Rossair was established in 1963. It was Australia's second oldest continually operating air transport company, the oldest being Qantas. On 1 June 2017 the company ceased operations after one of its aircraft on a training flight crashed in Renmark, South Australia. All three on board, including the company's chief pilot and a Civil Aviation Safety Authority inspector, were killed.

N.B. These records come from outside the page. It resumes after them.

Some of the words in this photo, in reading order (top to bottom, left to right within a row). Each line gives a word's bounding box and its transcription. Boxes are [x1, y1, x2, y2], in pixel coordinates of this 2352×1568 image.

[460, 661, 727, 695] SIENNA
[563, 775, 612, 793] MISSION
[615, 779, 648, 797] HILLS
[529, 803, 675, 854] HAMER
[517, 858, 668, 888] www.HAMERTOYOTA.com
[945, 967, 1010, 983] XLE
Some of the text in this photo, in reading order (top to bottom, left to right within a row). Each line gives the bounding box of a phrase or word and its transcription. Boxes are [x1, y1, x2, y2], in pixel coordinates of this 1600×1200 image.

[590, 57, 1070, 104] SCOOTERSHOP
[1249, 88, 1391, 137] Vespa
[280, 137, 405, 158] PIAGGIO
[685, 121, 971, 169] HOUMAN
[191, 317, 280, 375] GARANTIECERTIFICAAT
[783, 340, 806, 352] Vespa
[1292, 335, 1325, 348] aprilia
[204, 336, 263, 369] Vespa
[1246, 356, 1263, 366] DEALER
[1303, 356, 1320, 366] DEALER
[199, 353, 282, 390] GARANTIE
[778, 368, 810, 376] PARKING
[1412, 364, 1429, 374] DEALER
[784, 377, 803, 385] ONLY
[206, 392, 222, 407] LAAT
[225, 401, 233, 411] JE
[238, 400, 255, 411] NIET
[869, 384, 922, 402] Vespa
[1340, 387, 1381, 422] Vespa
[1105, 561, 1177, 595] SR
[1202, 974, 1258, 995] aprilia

Following this incident the company continued non-flying operations until July 2018 when it was placed into voluntary administration with EY appointed as the administrator.

==Fleet==
As of November 2013 the Rossair fleet consisted of:

- 3 Cessna 441 Conquest II
- 2 Beechcraft 1900D
- 2 Embraer EMB 120 Brasilia

==Incidents and accidents==
- On 25 January 1972, a Rossair Beechcraft V35A (registered VH-TYA) collided with a radio mast guy wire and subsequently crashed at Compressor Station 13 of the Moomba Natural Gas Pipeline, 65 miles south-east of Leigh Creek, South Australia. All four of the aircraft's occupants were killed.
- On 1 February 1976, a Rossair Cessna 172 (registered VH-UGC) collided with a Piper PA-28 Cherokee on final approach to Parafield Airport. All four people on board the Rossair Cessna 172 and the sole occupant of the Piper PA-28 Cherokee were killed.
- On 27 March 1976, a Rossair Cessna 180 (registered VH-TCU) suffered an in-flight breakup over the Adelaide suburb of Blackwood, killing the sole occupant.
- On 30 May 2017, an accident with a Rossair Cessna 441 (registered VH-XMJ) that took off from Renmark Airport and crashed approximately 4 kilometres away killed all three occupants on board.